Oleoylethanolamide is another lipid with the potential to benefit humans by its effects upon food consumption and weight management (Tutunchi, H. et al. A systematic review of the effects of oleoylethanolamide, a high-affinity endogenous ligand of PPAR-α, on the management and prevention of obesity. Clin. Exp. Pharmacol. Physiol., in press (2020); DOI - open access). Perhaps I am cynical, but I suspect that whether this can be realized may depend on whether it can be patented to justify the expenditure on clinical trials.
February 12th, 2020
It is not often that I see Shakespeare quoted in a scientific paper, but this occurs both in the preamble and text of a review of oxidized phospholipids (Kagan, V.E et al. Redox phospholipidomics of enzymatically generated oxygenated phospholipids as specific signals of programmed cell death. Free Rad. Biol. Med., 147, 231-241 (2020); DOI - open access). In relation to apoptosis - the "sweetness" of death that liberates from suffering, pain and loathed life. However, the review is not confined to literary appreciation but is a sometimes sobering account of vital biological processes. It appears that, in spite of all that has been learned of oxidation/anti-oxidative processes, not a single clinical trial of potential therapeutic antioxidants against inflammatory diseases has seen a positive outcome. It seems that biological systems are too complex to permit easy solutions.

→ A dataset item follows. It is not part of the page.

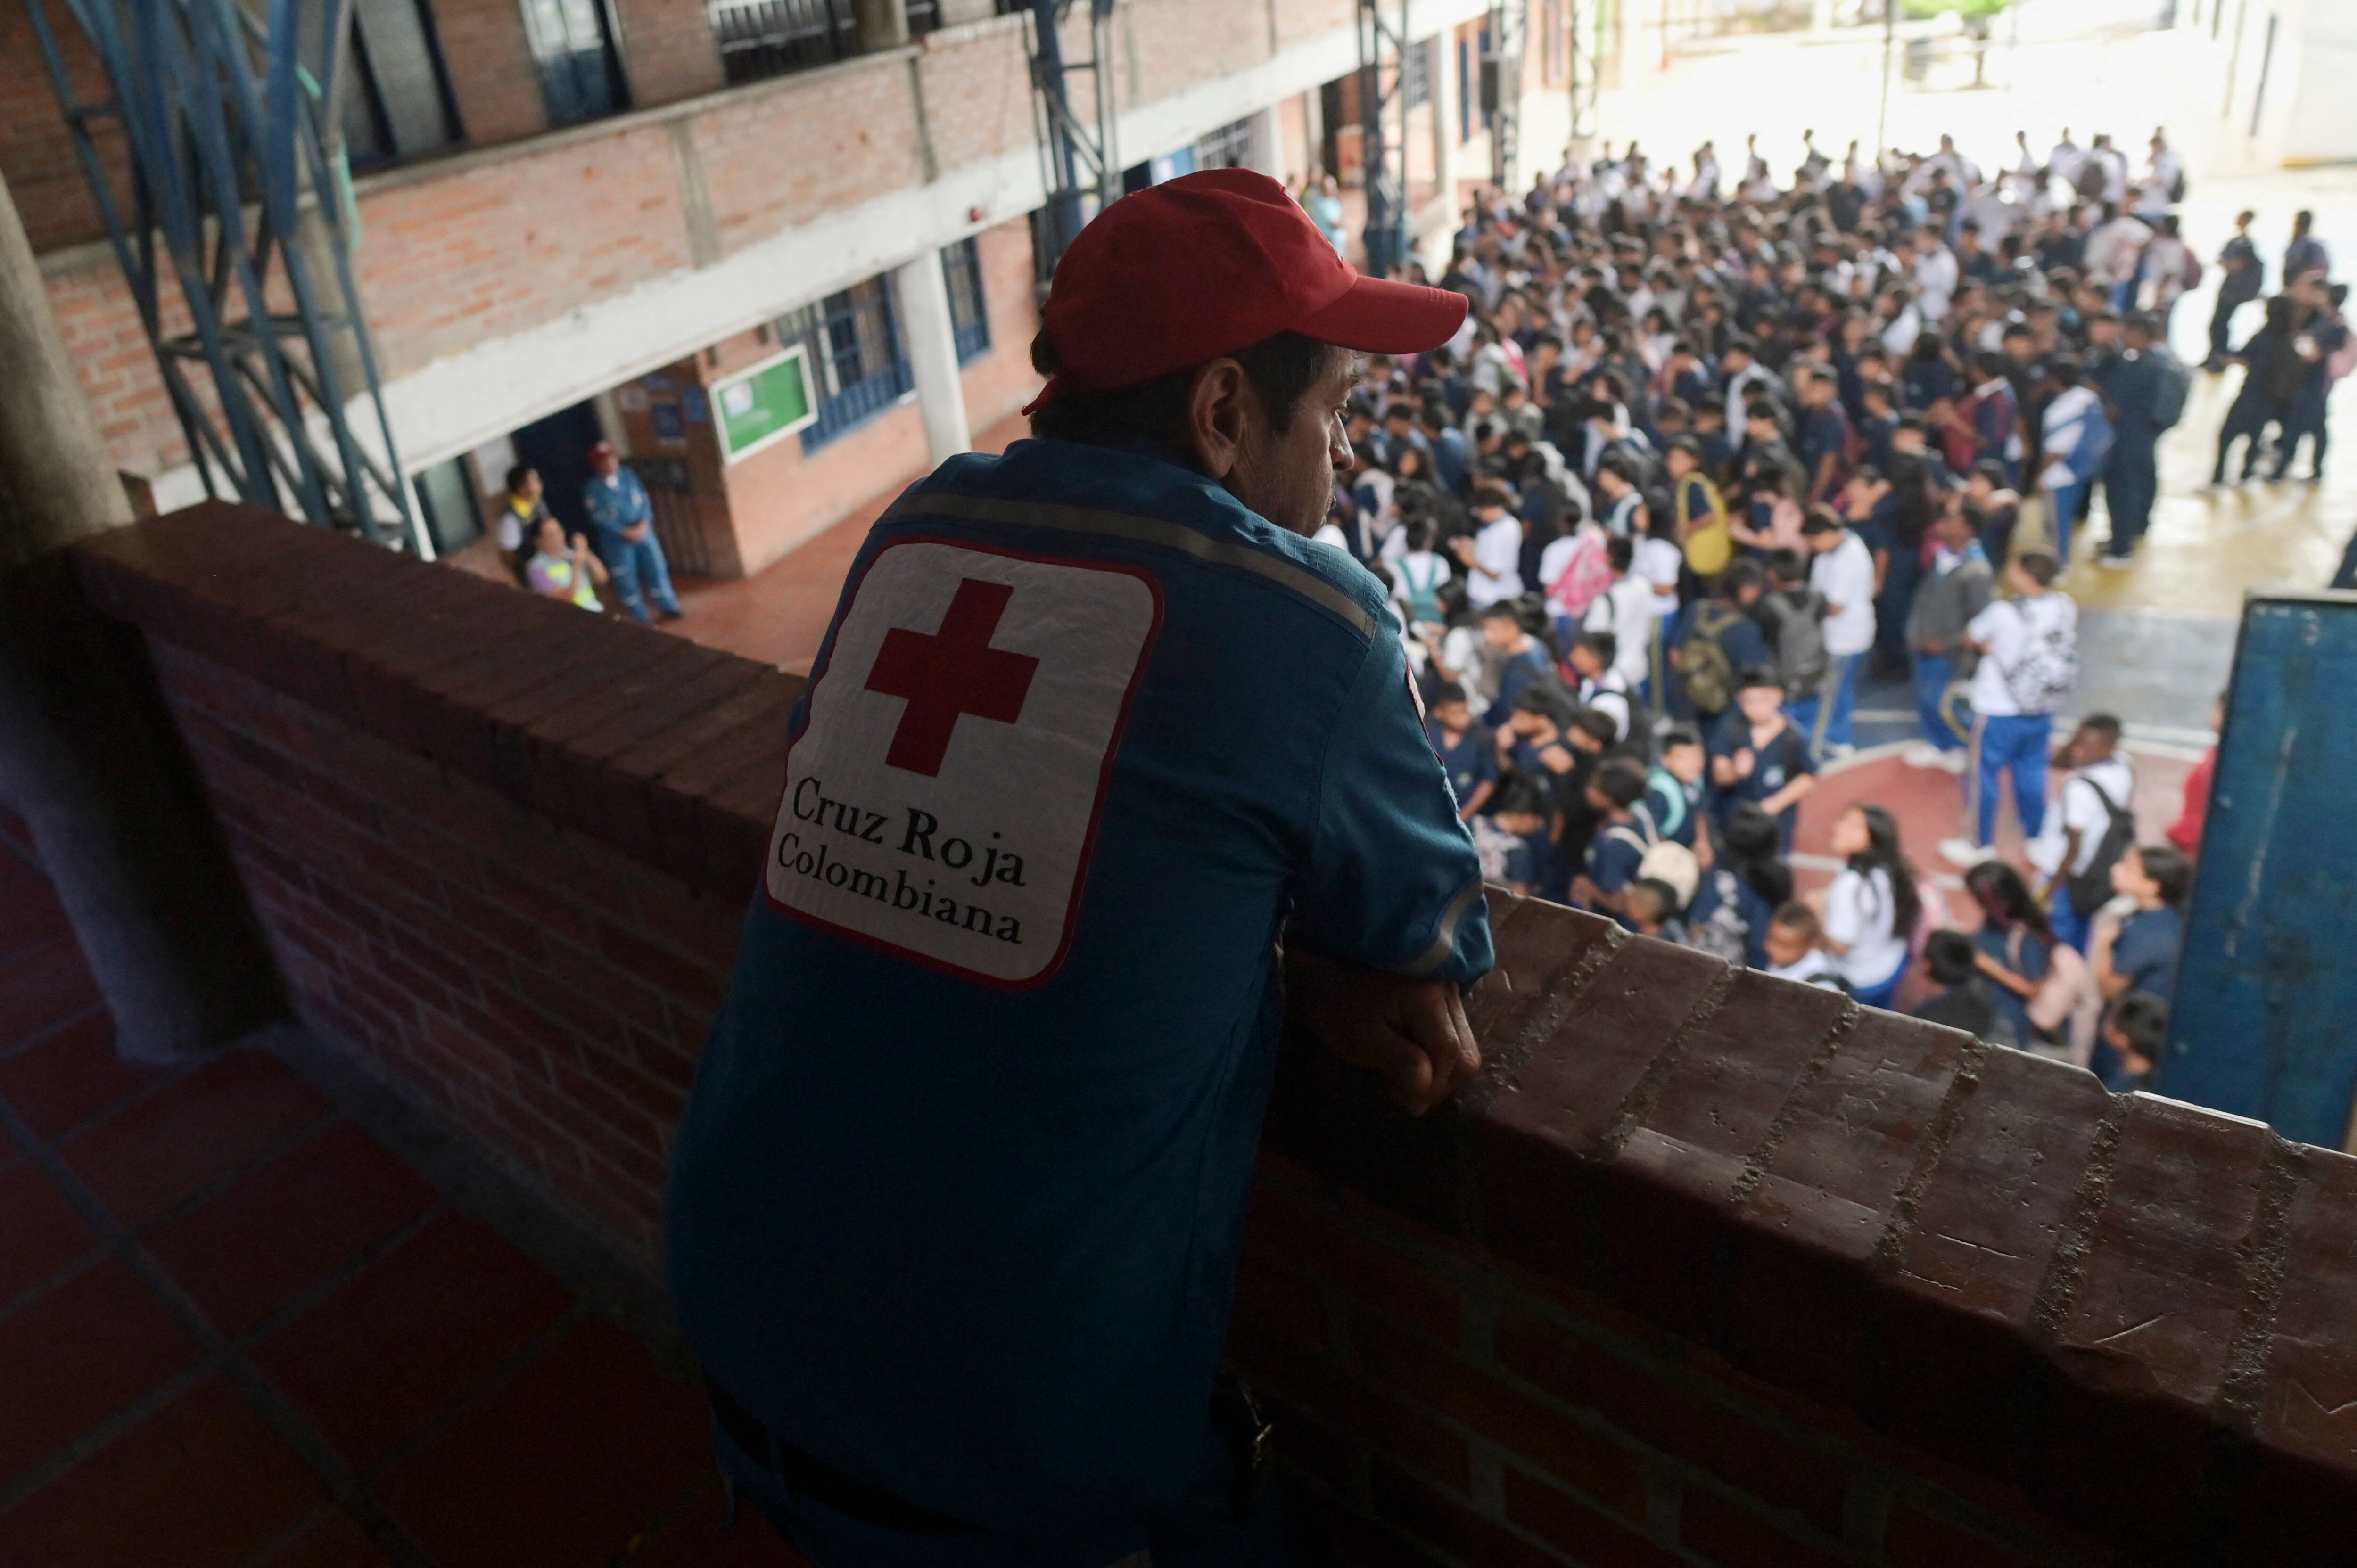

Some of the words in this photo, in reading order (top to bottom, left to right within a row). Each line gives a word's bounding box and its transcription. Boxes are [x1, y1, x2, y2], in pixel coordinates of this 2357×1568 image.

[793, 776, 888, 845] Cruz
[897, 807, 1026, 887] Roja
[778, 832, 1022, 944] Colombiana

Just when you think that all the important lipids have been characterized in a well-studied organism such as Escherichia coli, along comes a fascinating new lipopolysaccharide, the structure of which has now been confirmed. This was originally designated as "MPIase", as it appeared to have the biological activity of an enzyme, before its true nature was revealed. In fact, it has a long glycan chain composed of repeating trisaccharide units (GlcNAc, ManNAcA, Fuc4NAc) attached to an anchor composed of pyrophosphate linked in turn to a diacylglycerol. It is believed to alter the physicochemical properties of membranes to drive translocation and integration of proteins in membranes (Fujikawa, K. et al. Novel glycolipid involved in membrane protein integration: structure and mode of action. J. Synth. Org. Chem. Japan, 77, 1096-1105 (2019); DOI - open access).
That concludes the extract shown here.